── Provided entries ──

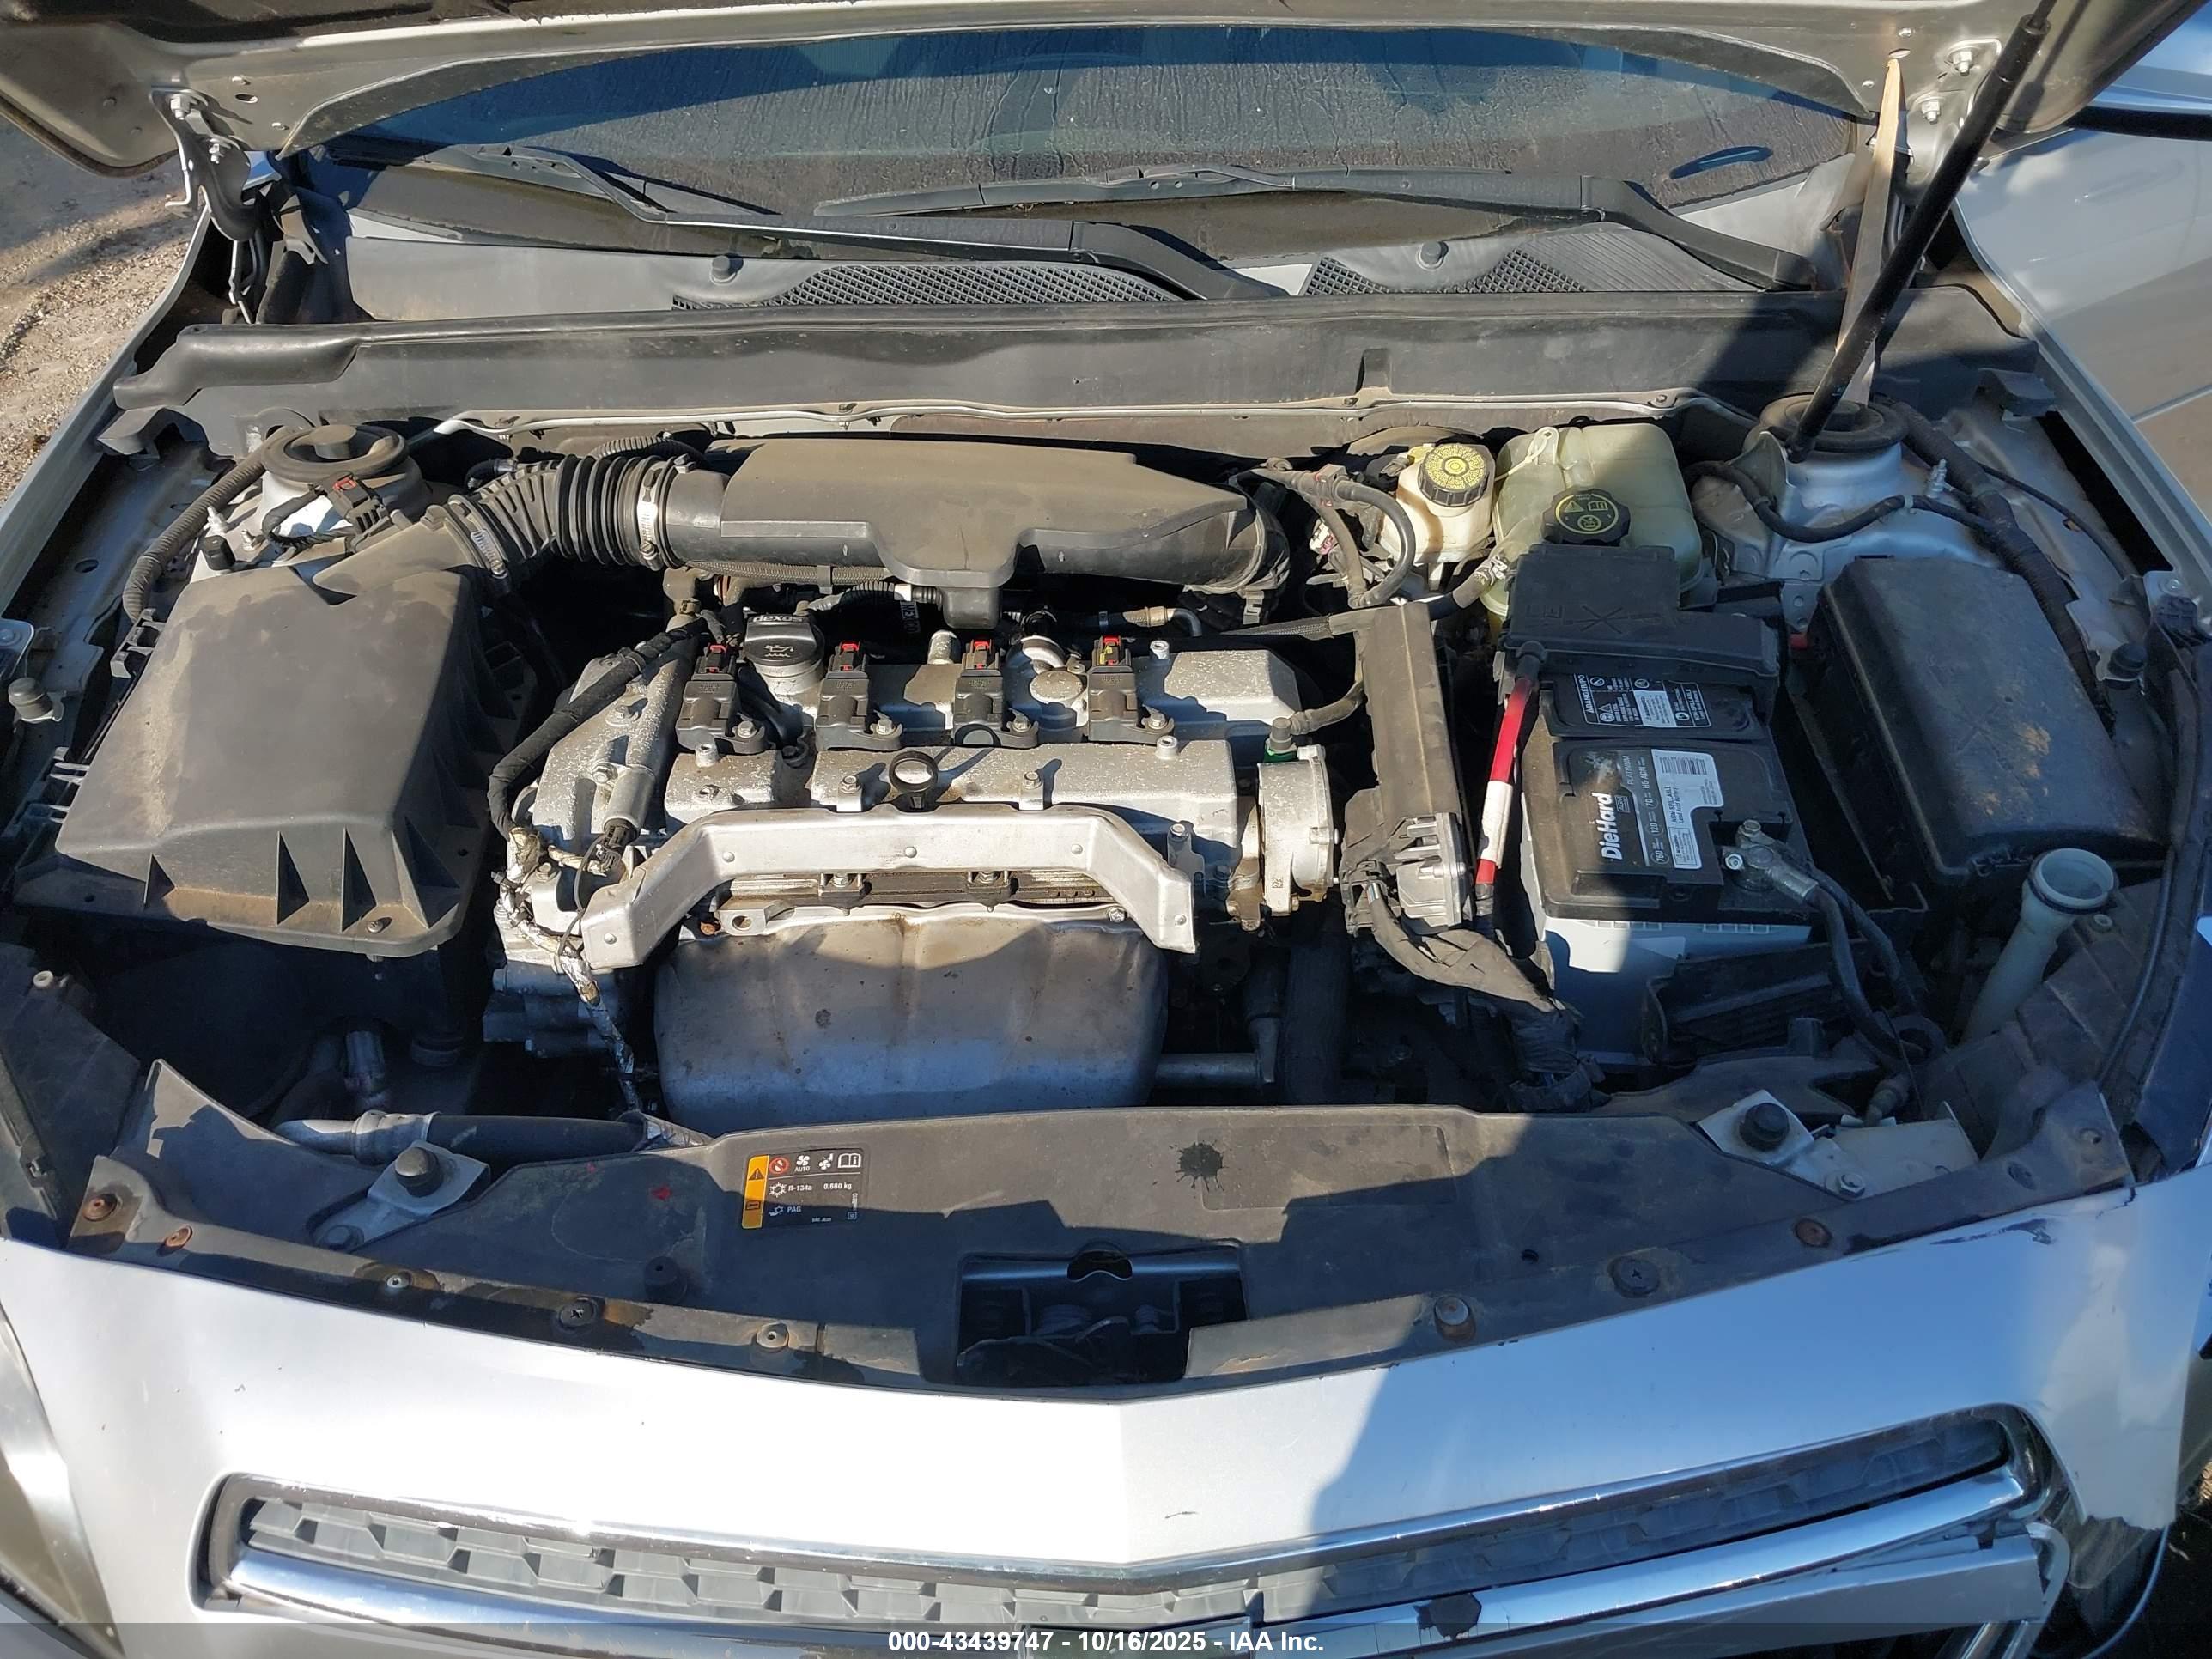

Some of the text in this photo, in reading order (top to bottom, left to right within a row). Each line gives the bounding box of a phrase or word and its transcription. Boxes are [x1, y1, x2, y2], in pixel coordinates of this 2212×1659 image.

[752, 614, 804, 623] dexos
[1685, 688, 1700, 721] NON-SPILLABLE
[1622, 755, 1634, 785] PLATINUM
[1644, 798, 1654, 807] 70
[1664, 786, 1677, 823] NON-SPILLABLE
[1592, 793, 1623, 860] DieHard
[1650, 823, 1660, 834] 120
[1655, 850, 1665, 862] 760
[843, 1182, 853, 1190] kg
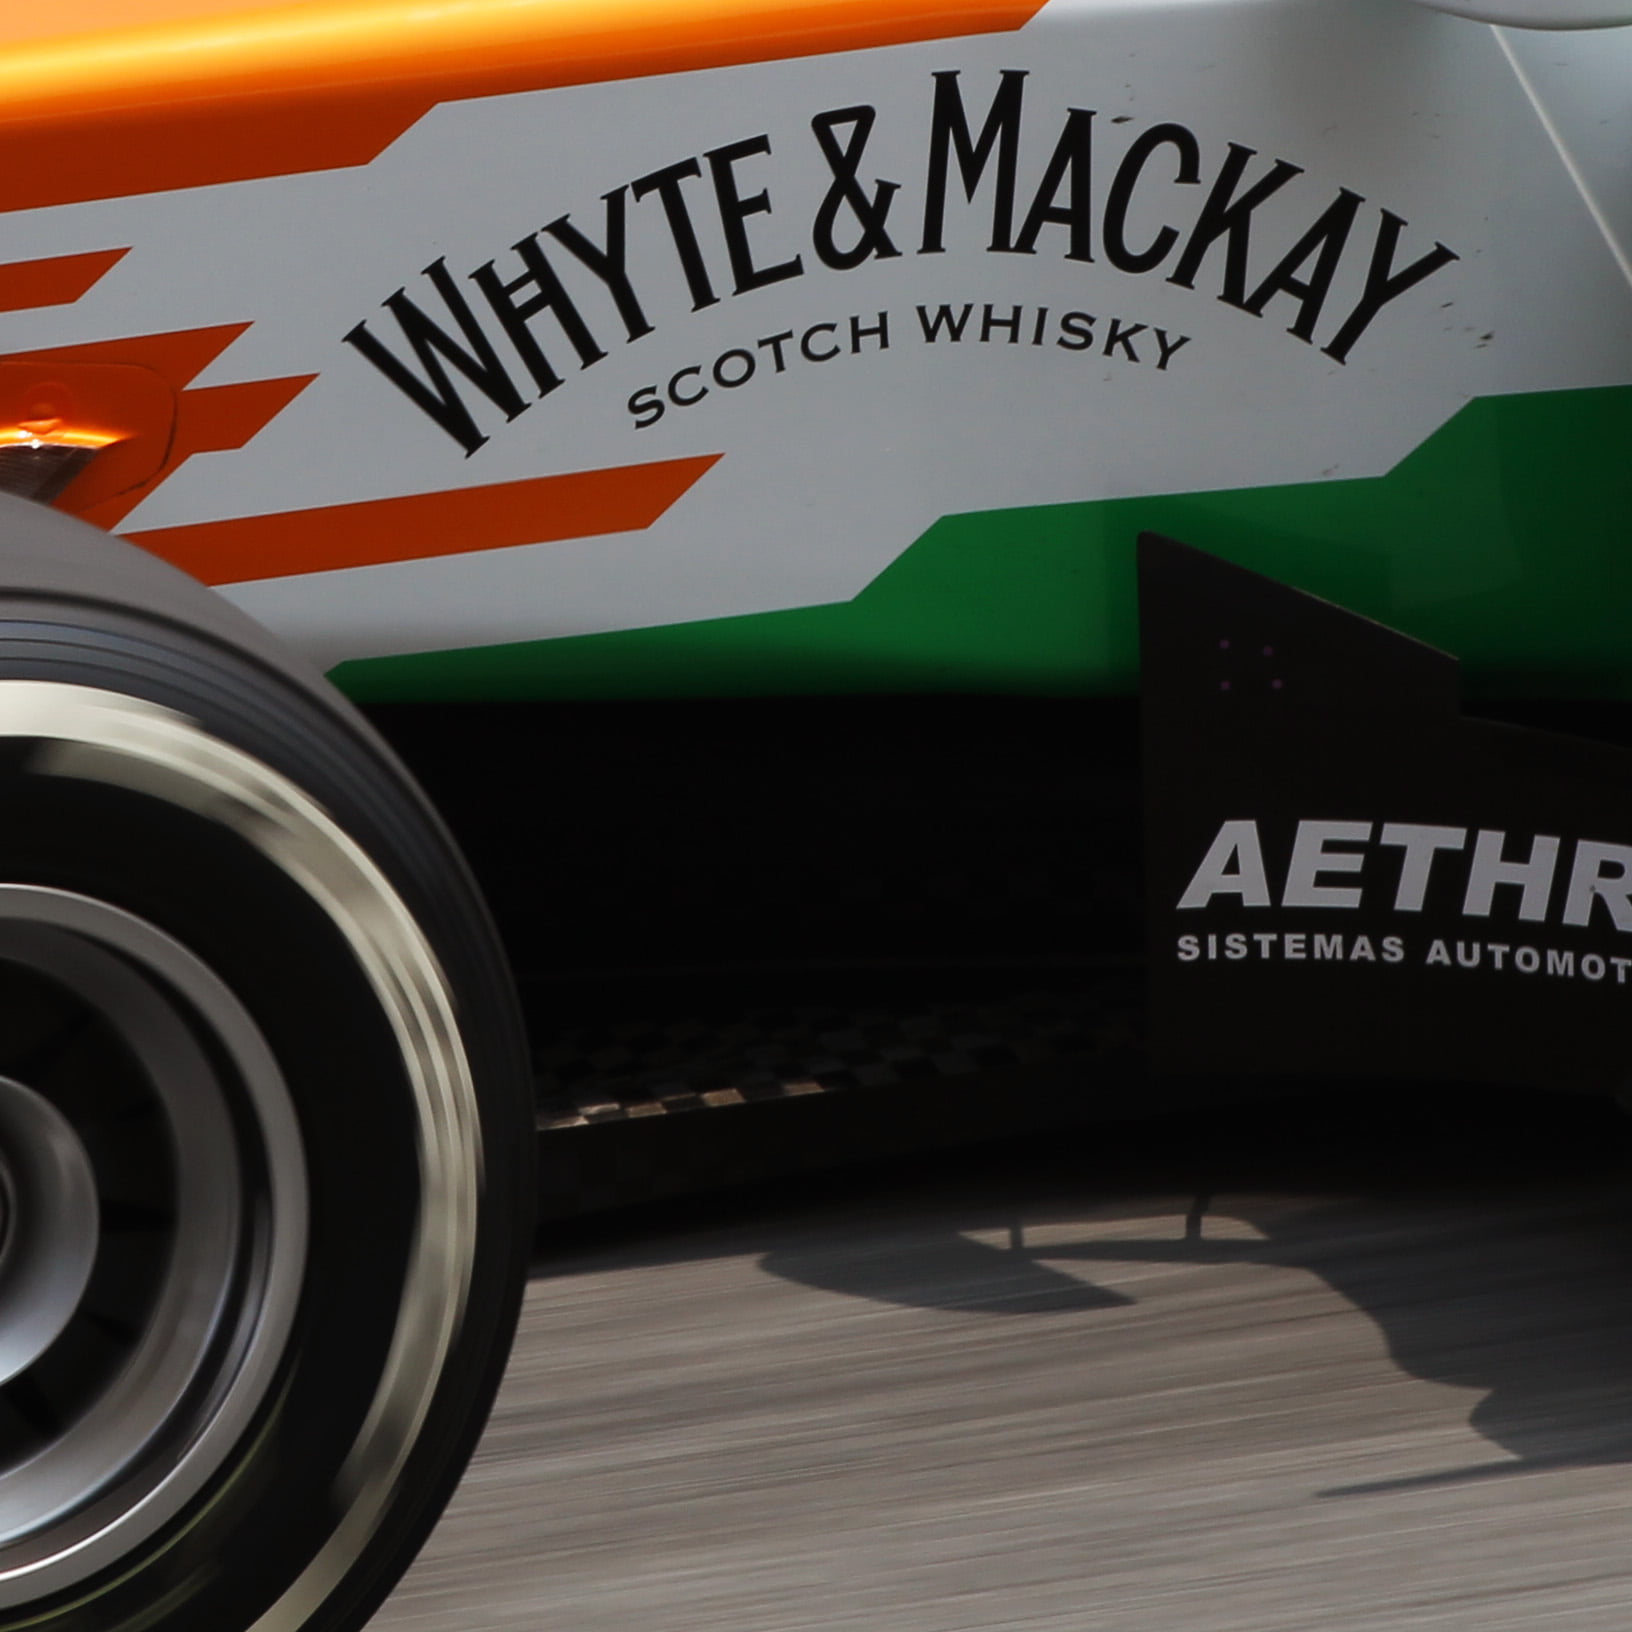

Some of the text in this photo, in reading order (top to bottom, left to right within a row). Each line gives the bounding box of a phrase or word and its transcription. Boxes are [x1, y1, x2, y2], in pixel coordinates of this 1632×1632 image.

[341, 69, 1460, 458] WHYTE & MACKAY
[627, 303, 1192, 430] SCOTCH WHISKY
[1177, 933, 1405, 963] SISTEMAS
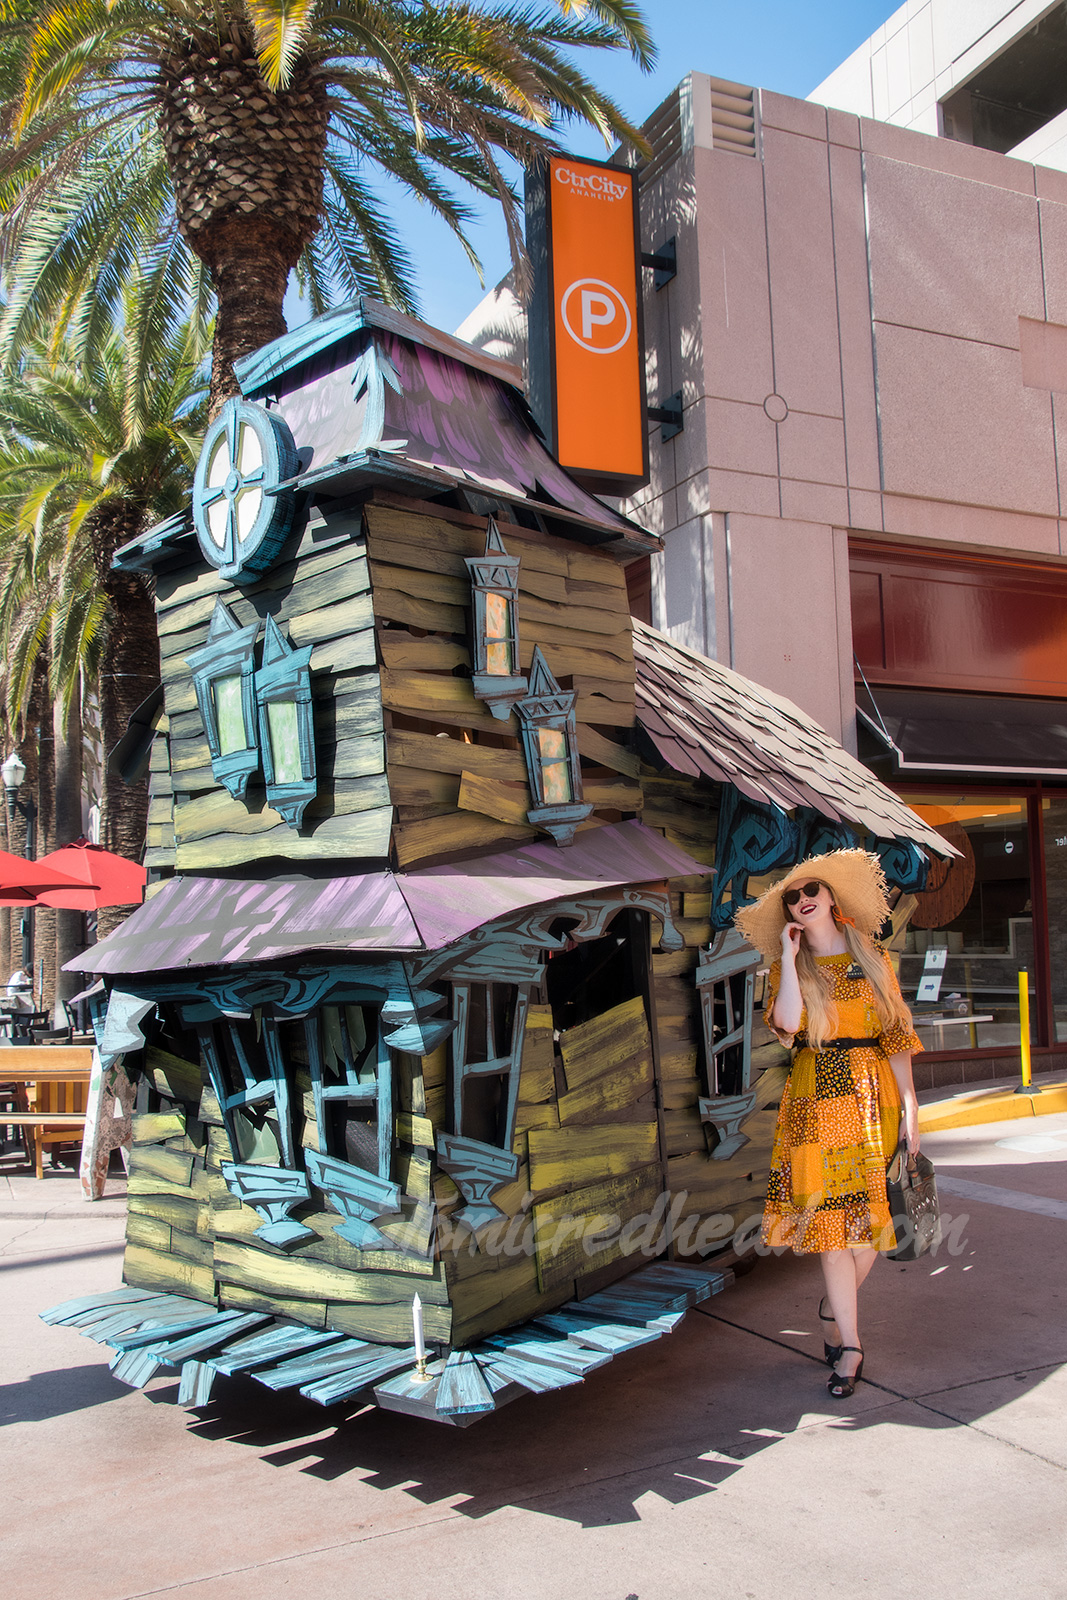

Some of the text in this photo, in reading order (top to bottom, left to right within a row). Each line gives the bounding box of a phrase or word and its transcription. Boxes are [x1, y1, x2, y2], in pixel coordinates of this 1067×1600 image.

───

Work to complete: Give the records a second time exactly, keeping the images out.

Solution below:
Some of the text in this photo, in reading order (top to bottom, left to right within a row). Each line gives the bounding box of a phrase or word and its transcription. Boxes are [x1, y1, x2, y2], in pixel coordinates of this 2212×1659 image.

[752, 614, 804, 623] dexos
[1685, 688, 1700, 721] NON-SPILLABLE
[1622, 755, 1634, 785] PLATINUM
[1644, 798, 1654, 807] 70
[1664, 786, 1677, 823] NON-SPILLABLE
[1592, 793, 1623, 860] DieHard
[1650, 823, 1660, 834] 120
[1655, 850, 1665, 862] 760
[843, 1182, 853, 1190] kg

Some of the text in this photo, in reading order (top to bottom, left to right within a row). Each line gives the bounding box of a phrase or word and its transcription. Boxes are [x1, y1, x2, y2], in pixel coordinates of this 1632×1632 image.

[341, 69, 1460, 458] WHYTE & MACKAY
[627, 303, 1192, 430] SCOTCH WHISKY
[1177, 933, 1405, 963] SISTEMAS

Some of the text in this photo, in reading order (top to bottom, left to right within a row). Each line gives the bounding box of a phrase or word and its transcription. Boxes are [x1, y1, x2, y2], in pixel coordinates of this 1067×1600 image.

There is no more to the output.